:: Records to process

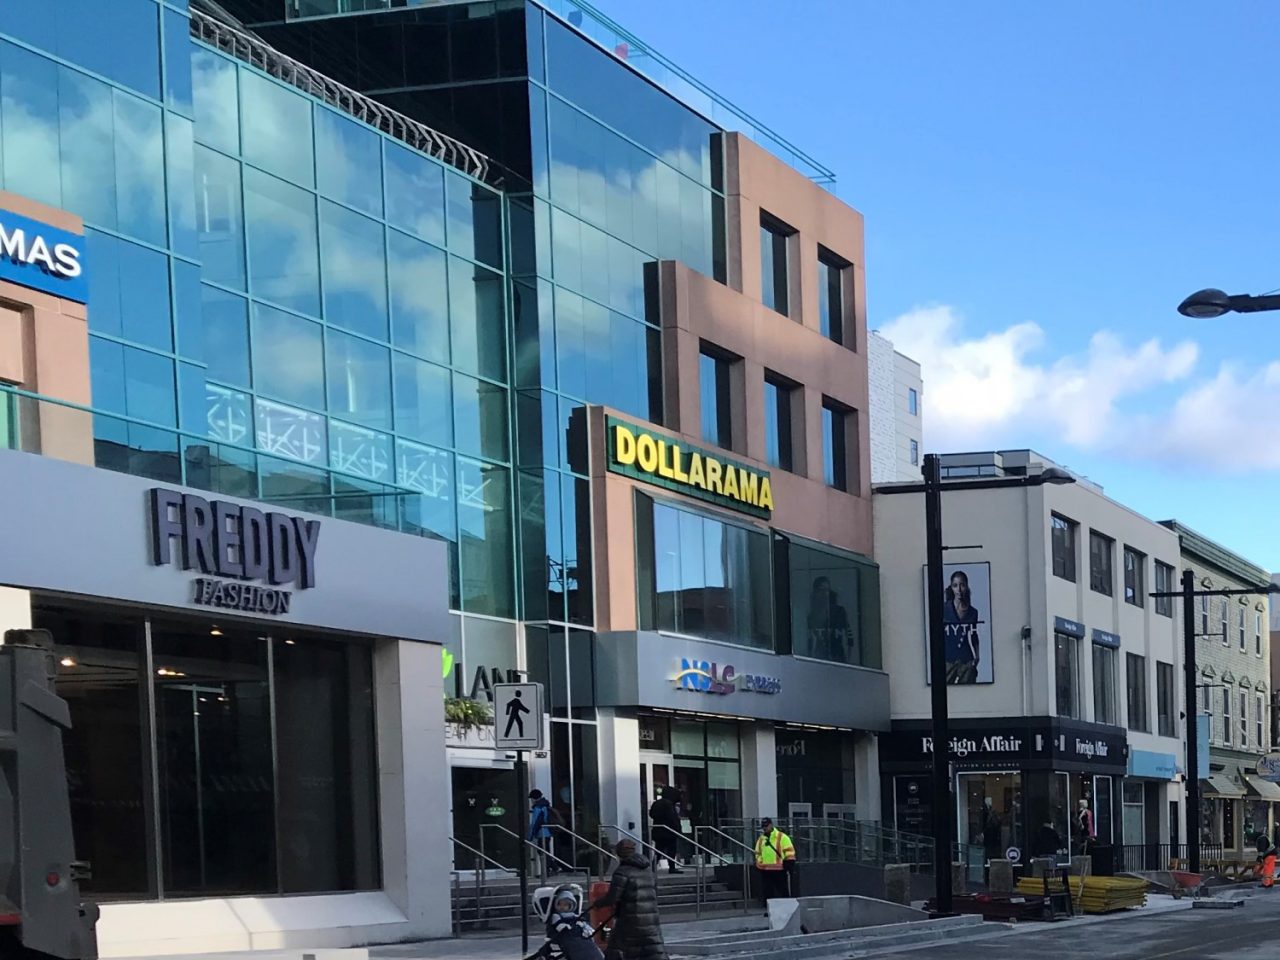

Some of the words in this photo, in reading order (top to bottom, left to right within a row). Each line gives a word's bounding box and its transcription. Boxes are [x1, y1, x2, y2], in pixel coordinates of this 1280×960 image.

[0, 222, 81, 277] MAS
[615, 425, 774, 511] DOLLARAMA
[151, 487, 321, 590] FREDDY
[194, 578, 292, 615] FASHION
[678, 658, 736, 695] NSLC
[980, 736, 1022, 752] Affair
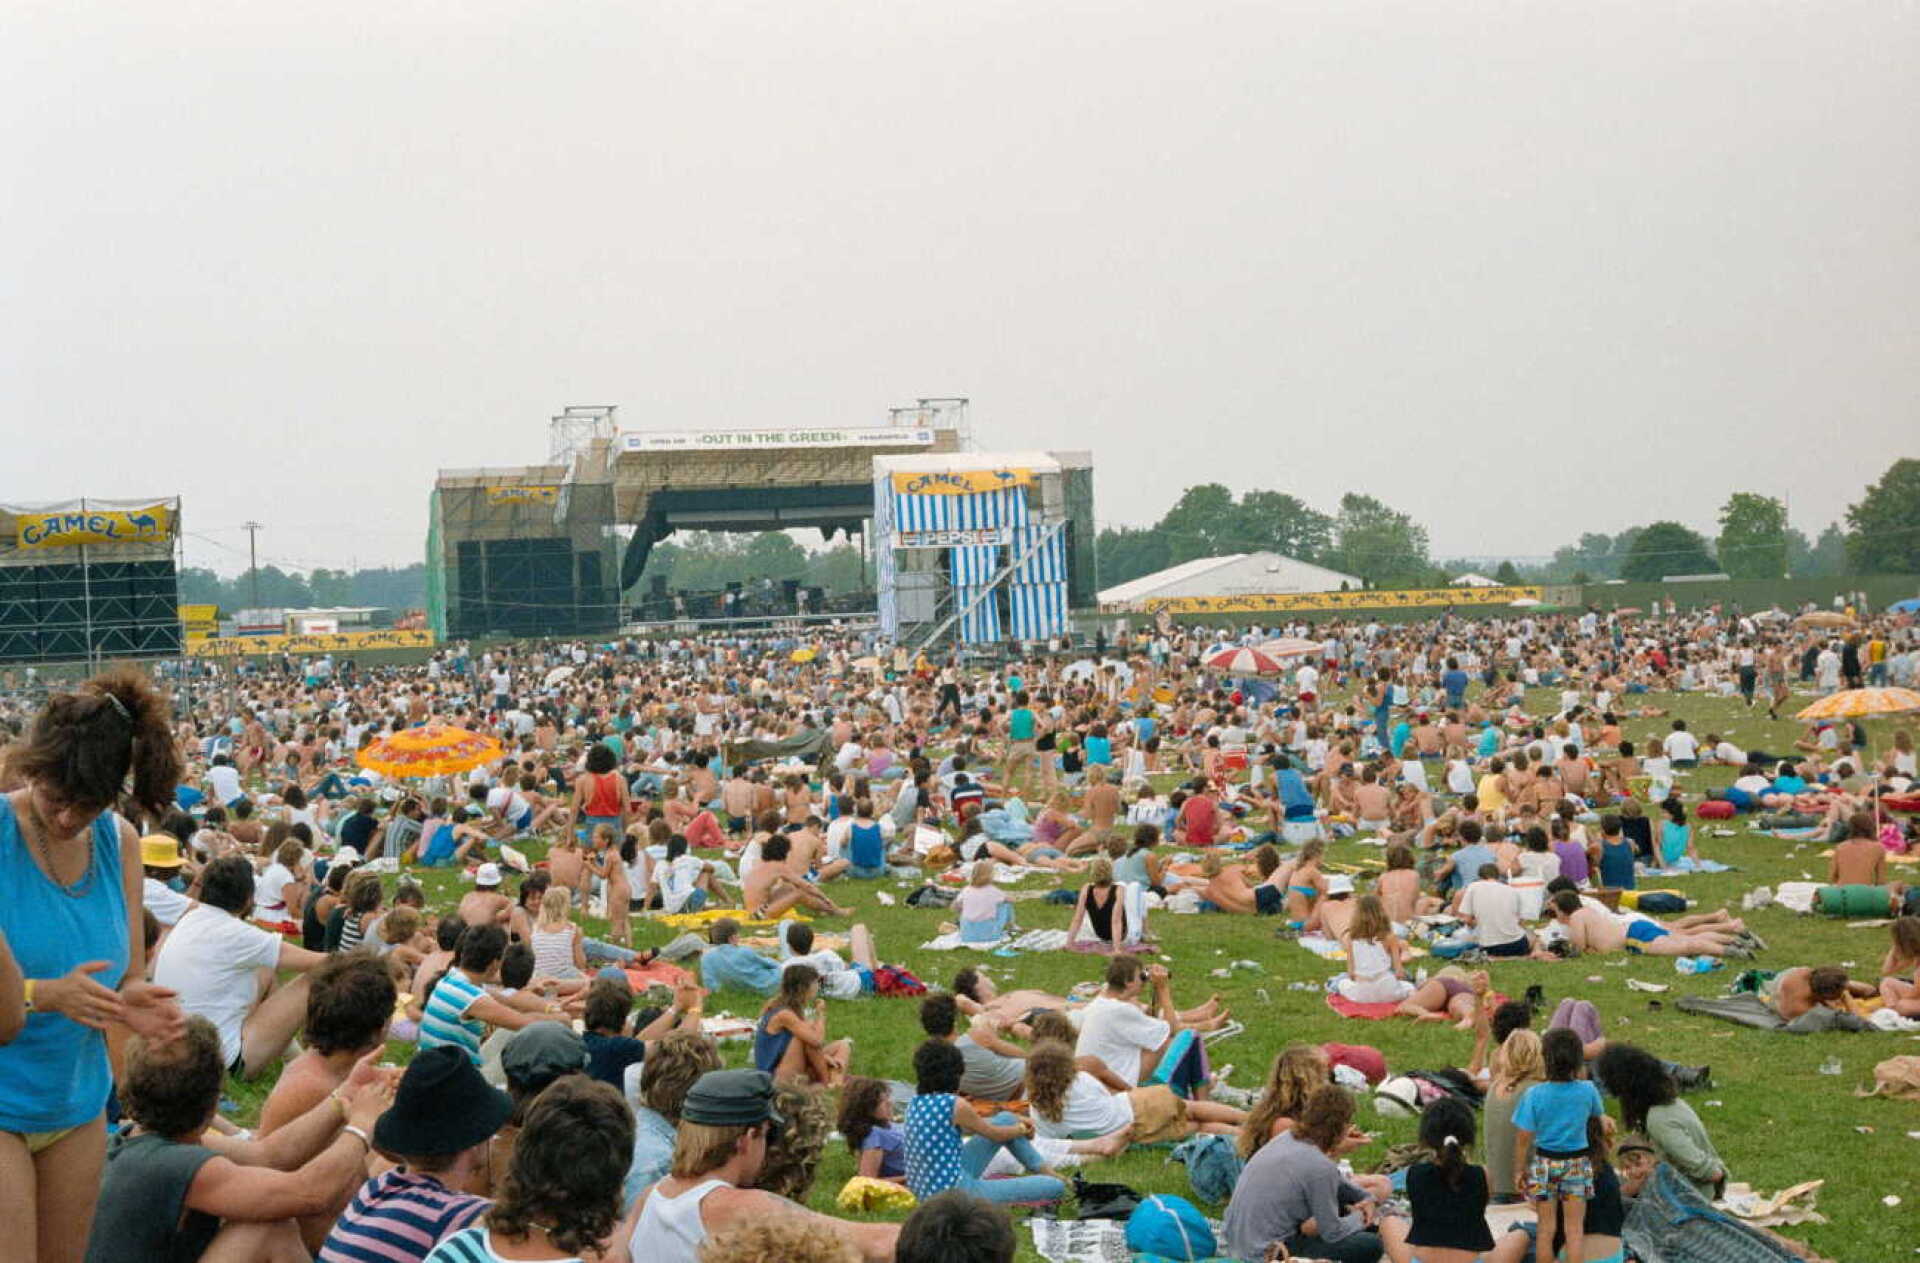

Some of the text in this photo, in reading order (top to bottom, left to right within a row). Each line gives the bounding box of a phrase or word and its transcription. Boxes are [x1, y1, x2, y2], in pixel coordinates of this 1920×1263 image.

::::

The entries above need to be transcribed exactly, with the images left out.

### Answer box
Some of the words in this photo, in reading order (top to bottom, left to right within a row). Each line gives a word's bounding box and its transcription. Boxes are [x1, y1, x2, y2], in pixel coordinates of this 1280×960 image.

[0, 222, 81, 277] MAS
[615, 425, 774, 511] DOLLARAMA
[151, 487, 321, 590] FREDDY
[194, 578, 292, 615] FASHION
[678, 658, 736, 695] NSLC
[980, 736, 1022, 752] Affair

Some of the text in this photo, in reading order (top to bottom, left to right within a row). Each line gives the bounding box of a phrase or word and its transcription. Boxes are [x1, y1, x2, y2], in pixel coordinates of this 1920×1263 image.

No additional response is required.